There are four major factors in leadership:
Different people require different styles of leadership. For example, a new hire requires more supervision than an experienced employee. A person who lacks motivation requires a different approach than one with a high degree of motivation. You must know your people! The fundamental starting point is having a good understanding of human nature, such as needs, emotions, and motivation. You must come to know your employees’ be, know, and do attributes.
You must have an honest understanding of who you are, what you know, and what you can do. Also, note that it is the followers, not the leader who determines if a leader is successful. If they do not trust or lack confidence in their leader, then they will be uninspired. To be successful you have to convince your followers, not yourself or your superiors, that you are worthy of being followed.
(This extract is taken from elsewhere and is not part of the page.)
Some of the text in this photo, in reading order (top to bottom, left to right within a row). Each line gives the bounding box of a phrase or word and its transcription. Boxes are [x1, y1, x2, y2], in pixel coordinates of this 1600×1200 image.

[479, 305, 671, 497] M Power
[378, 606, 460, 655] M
You lead through two-way communication. Much of it is nonverbal. For instance, when you “set the example,” that communicates to your people that you would not ask them to perform anything that you would not be willing to do. What and how you communicate either builds or harms the relationship between you and your employees.
All are different. What you do in one situation will not always work in another. You must use your judgment to decide the best course of action and the leadership style needed for each situation. For example, you may need to confront an employee for inappropriate behavior, but if the confrontation is too late or too early, too harsh or too weak, then the results may prove ineffective.
Various forces will affect these factors. Examples of forces are your relationship with your seniors, the skill of your people, the informal leaders within your organization, and how your company is organized.